§ **Activity**:
Reproduce every record below exactly as it appears.

[Records from a data collection]

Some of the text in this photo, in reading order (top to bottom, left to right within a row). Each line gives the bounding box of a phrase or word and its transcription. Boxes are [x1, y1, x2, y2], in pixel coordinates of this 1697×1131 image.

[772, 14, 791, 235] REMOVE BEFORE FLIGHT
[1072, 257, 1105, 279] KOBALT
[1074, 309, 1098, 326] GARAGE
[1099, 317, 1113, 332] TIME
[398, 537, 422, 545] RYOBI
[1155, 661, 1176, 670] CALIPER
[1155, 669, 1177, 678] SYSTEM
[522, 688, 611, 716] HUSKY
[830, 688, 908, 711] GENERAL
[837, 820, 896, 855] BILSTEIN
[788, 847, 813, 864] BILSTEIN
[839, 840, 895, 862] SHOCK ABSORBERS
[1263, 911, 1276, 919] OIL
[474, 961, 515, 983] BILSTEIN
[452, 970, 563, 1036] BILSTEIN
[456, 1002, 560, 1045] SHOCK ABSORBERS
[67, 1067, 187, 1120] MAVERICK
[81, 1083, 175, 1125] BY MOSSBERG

§ **Solution**:
Some of the text in this photo, in reading order (top to bottom, left to right within a row). Each line gives the bounding box of a phrase or word and its transcription. Boxes are [x1, y1, x2, y2], in pixel coordinates of this 1697×1131 image.

[772, 14, 791, 235] REMOVE BEFORE FLIGHT
[1072, 257, 1105, 279] KOBALT
[1074, 309, 1098, 326] GARAGE
[1099, 317, 1113, 332] TIME
[398, 537, 422, 545] RYOBI
[1155, 661, 1176, 670] CALIPER
[1155, 669, 1177, 678] SYSTEM
[522, 688, 611, 716] HUSKY
[830, 688, 908, 711] GENERAL
[837, 820, 896, 855] BILSTEIN
[788, 847, 813, 864] BILSTEIN
[839, 840, 895, 862] SHOCK ABSORBERS
[1263, 911, 1276, 919] OIL
[474, 961, 515, 983] BILSTEIN
[452, 970, 563, 1036] BILSTEIN
[456, 1002, 560, 1045] SHOCK ABSORBERS
[67, 1067, 187, 1120] MAVERICK
[81, 1083, 175, 1125] BY MOSSBERG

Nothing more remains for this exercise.